The reward point systems of the credit cards work the same way. Merchants jack up the price of the goods to be part of the reward point system which in the end hits the customers. In fact, the people that don't get a credit card with reward points actually end up losing by not joining.

I thought it's interesting that everything in the end gets put on the customers. It's the price we pay for convenience. I just don't like the way it's hidden to make it look like we're not actually the ones paying for it.

2 comments

It reminds me a little of medical pricing. The real costs are hidden from the customer and things are intentionally convoluted. There are a lot of areas where we need more transparency.
When costs and prices are hidden, competition cannot happen and the market stops working.
Businesses don't want working markets once their position has been established.
> I thought it's interesting that everything in the end gets put on the customers.

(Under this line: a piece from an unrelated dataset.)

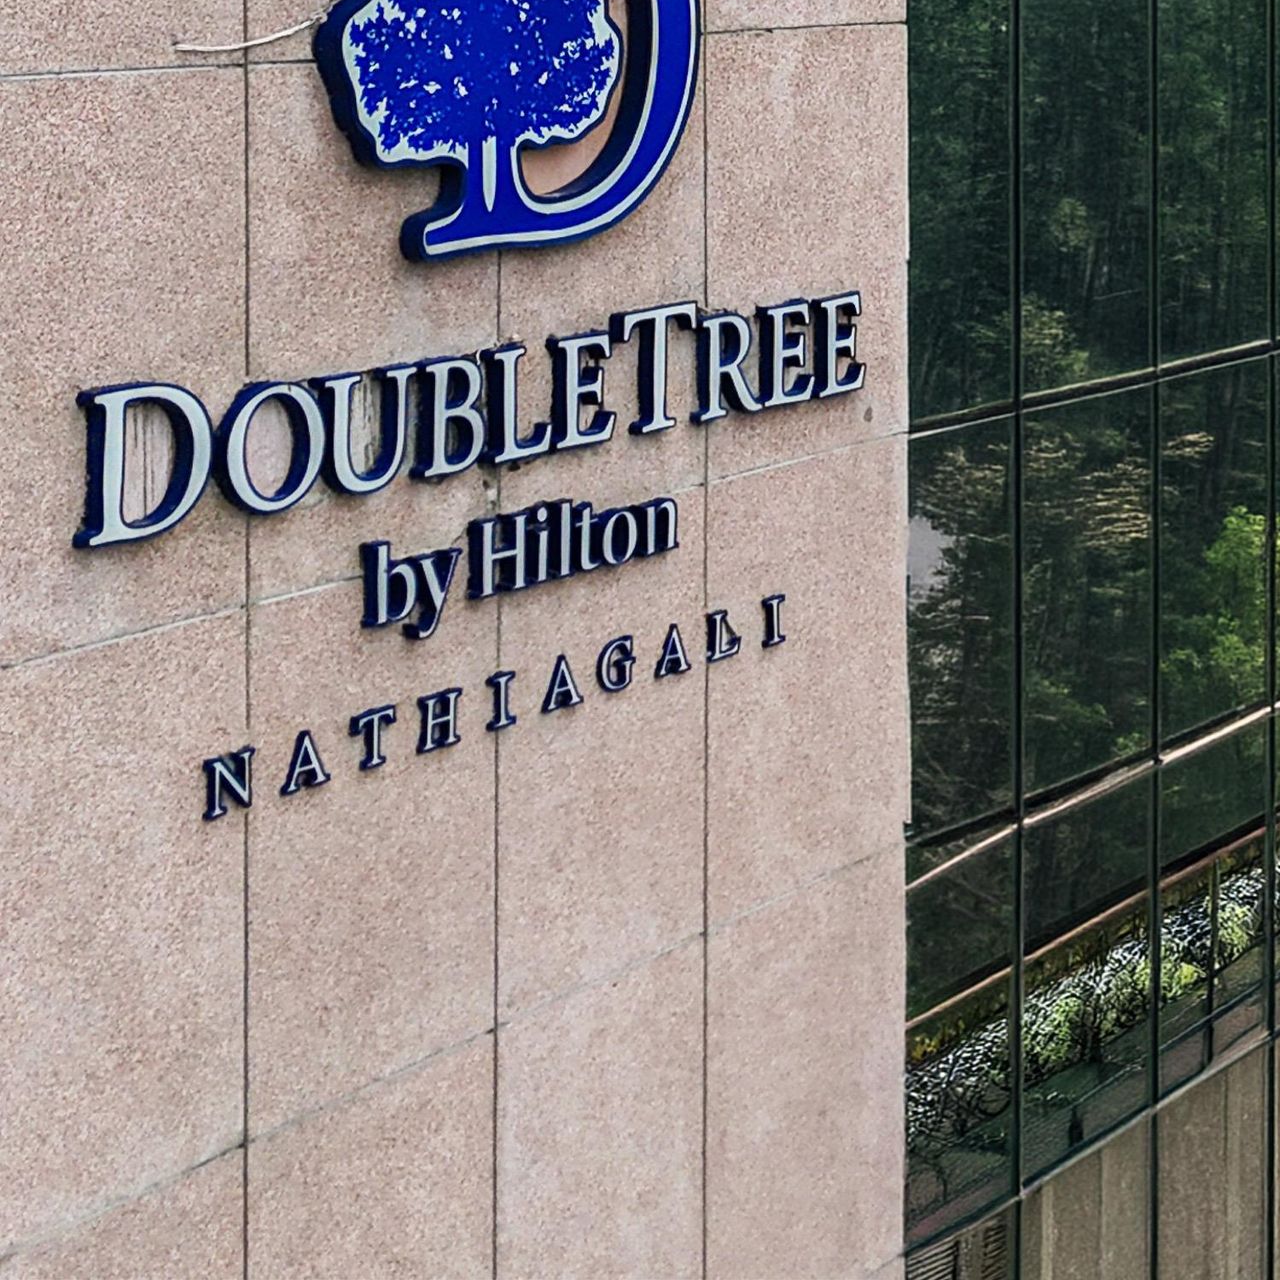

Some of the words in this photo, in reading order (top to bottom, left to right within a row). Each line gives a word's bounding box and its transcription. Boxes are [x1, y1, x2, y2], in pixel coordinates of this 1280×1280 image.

[361, 539, 460, 638] by
[466, 497, 678, 600] Hilton
[203, 595, 786, 820] NATHIAGALI

It's the price we pay for convenience. I just don't like the way it's hidden to make it look like we're not actually the ones paying for it.

Where else would the cost go? Credit card costs, delivery costs, supply costs, advertising costs, the consumer always pays for it as they are the only one who are providing cash in any of these scenarios. I suppose the merchant could just eat the cost, but, assuming the markup isn't wild, that's a proposition that leads to a dead business.

The cost could go to a specific credit card fee paid by the customer only when they use credit cards, but the merchant agreements typically prohibit you from doing that. You're paying the price whether or not you're getting the convenience.

(I've seen a few small merchants tackle this by offering a cash discount as a subtraction from the regular price, for instance. But I'm not sure even that is contractually permitted.)

Cash discounts are legal in all states and permissible by merchant agreements.